One piece of advice he didn't offer up is the importance of wearing a cowboy hat, since it's worked as well for Salazar as the pony tail and Harley Davidson worked for former Sen. Ben Nighthorse Campbell. I can't recall Salazar wearing a cowboy hat when he was attorney general; then the part called for a suit and tie. Now he's never seen without the hat when he's back in the home state.
Maybe Salazar is sharing these trade secrets behind closed doors. If Barack Obama accepts the nomination in a cowboy hat, we'll have Salazar to thank.
Most of what the senator serves up is re-warmed press release, but he actually makes some interesting, if misdirected points about the strained relationship between the West and Washington. "In many Western communities, the frustration also comes from feeling like an afterthought in Washington's policies," he wrote. "The resentment toward the administration's consistent disregard for Western wisdom has reached a boiling point. From federal money grabs of state mineral revenues, to oil and gas development in valuable hunting and fishing areas, to false promises on oil shale, Washington has come to see the West as a means to an end."

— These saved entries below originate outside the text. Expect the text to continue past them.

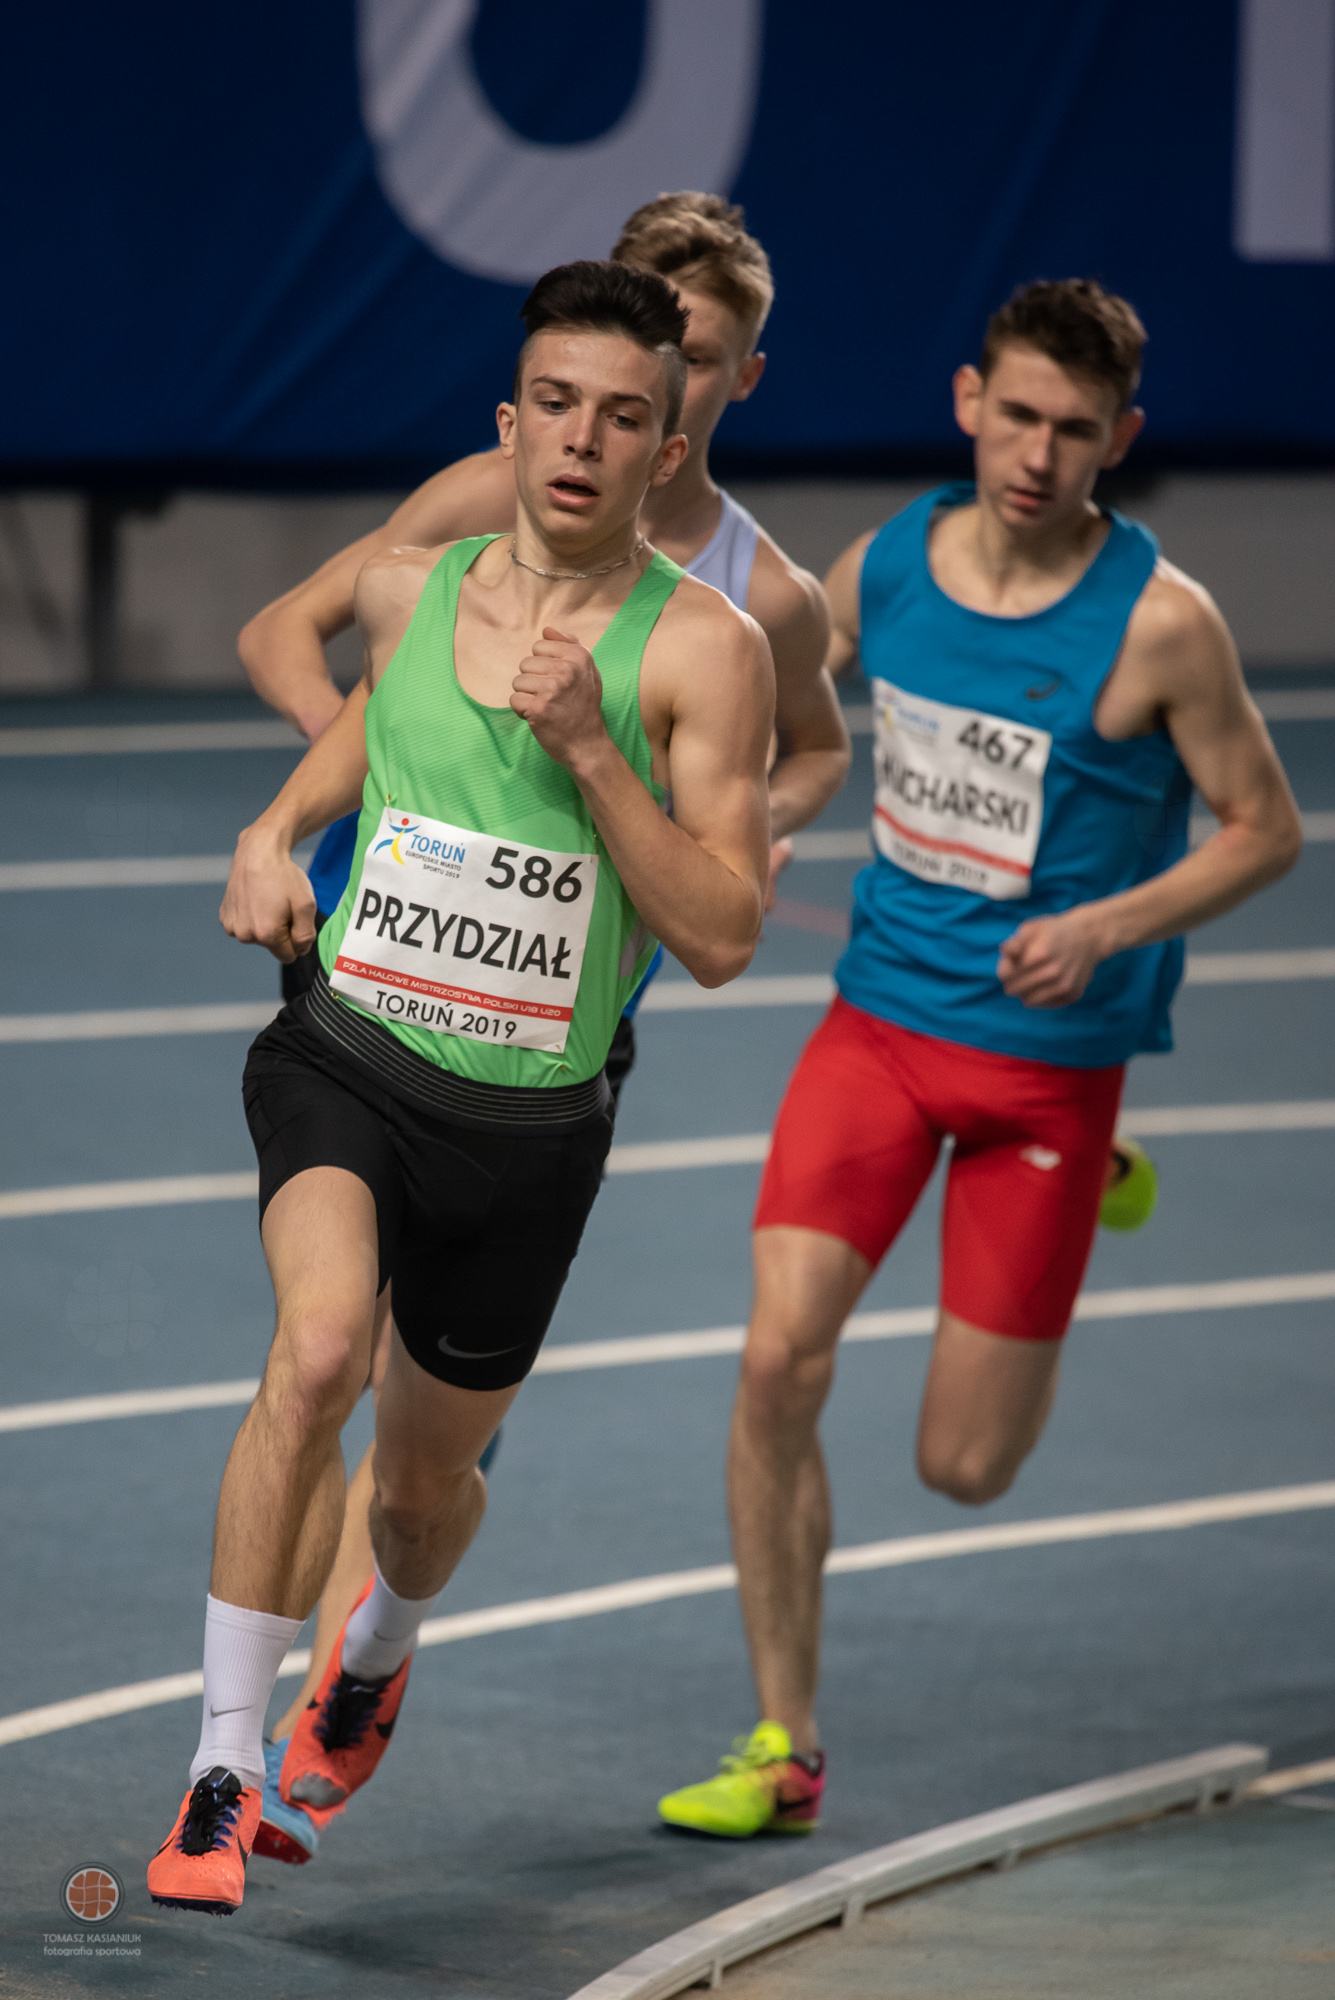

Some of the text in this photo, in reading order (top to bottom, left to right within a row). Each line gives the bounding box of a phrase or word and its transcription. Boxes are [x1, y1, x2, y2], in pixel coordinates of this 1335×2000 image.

[958, 719, 1035, 770] 467
[410, 834, 466, 863] TORUŃ
[422, 863, 460, 879] SPORTU 2019
[440, 858, 462, 871] MIASTO
[485, 846, 583, 903] 586
[355, 888, 571, 979] PRZYDZIAŁ
[342, 961, 562, 1017] PZLA HALOWE MISTRZOSTWA POLSKI U18 U20
[376, 990, 517, 1039] TORUŃ 2019

Actually, Western frustration with Washington reached a boiling point years ago, with a little something called the sagebrush rebellion (which continues, albeit at a slow simmer, in some untamed corners of the mild, mild "new" West). And Salazar's attempt to pose as the sagebrush rebel is about as convincing as the cowboy hat, since his support for Western self-determination has been inconsistent and selective.
Salazar argues that Colorado should have had more say in the drilling plan for the Roan Plateau, for instance, and I, too, believe Western states should have much more control, and a true "partnership" with Washington, when it comes to federal land policies. But how much latitude Salazar would grant states on a host of other key issues, from the Endangered Species Act to the National Environmental Policy Act to the clean water and clean air acts, is negligible to nil, as far as I can tell. I've never heard Salazar argue that Colorado and other states should be able to tailor these regulatory regimes to meet their individual needs, or to opt out of them. On the contrary, he seems to embrace all of these onerous impositions from Washington, in letter and in spirit.

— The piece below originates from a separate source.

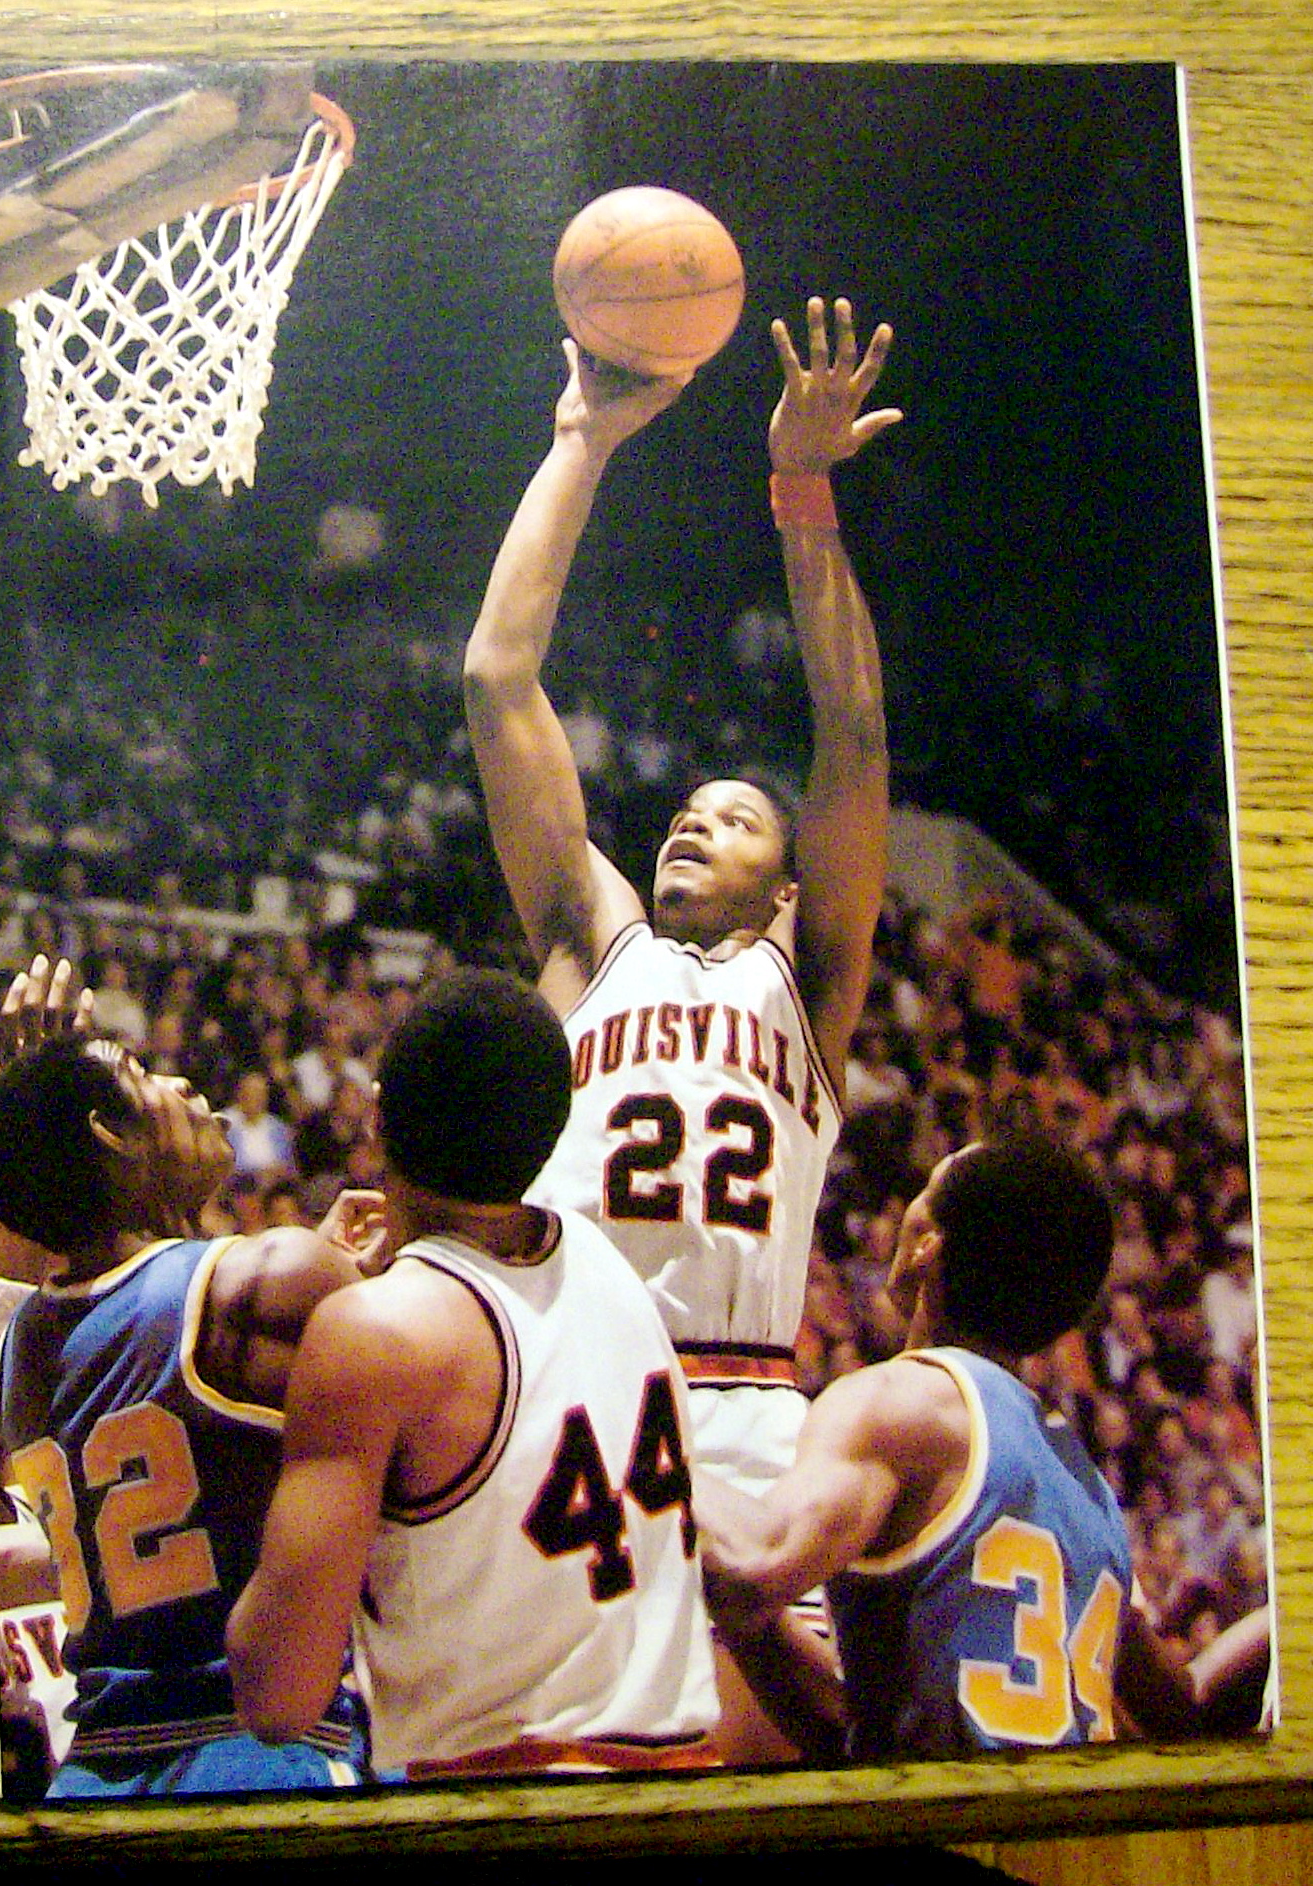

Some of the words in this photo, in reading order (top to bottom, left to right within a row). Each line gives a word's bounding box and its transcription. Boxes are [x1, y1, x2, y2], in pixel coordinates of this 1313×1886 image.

[572, 1002, 820, 1139] OUISVILLE
[602, 1092, 775, 1238] 22
[522, 1369, 699, 1604] 44
[957, 1514, 1123, 1746] 34

When President Bush tried to settle the seemingly-endless roadless areas controversy by allowing Colorado and other states to come up with their own plans -- a potential breakthrough moment in terms of forging a new Western partnership with Washington -- Salazar was quick to condemn this as a gimmick, preferring that Washington dictate terms on roadless areas.
On this issue, as on so many others, Salazar is all hat and no horse.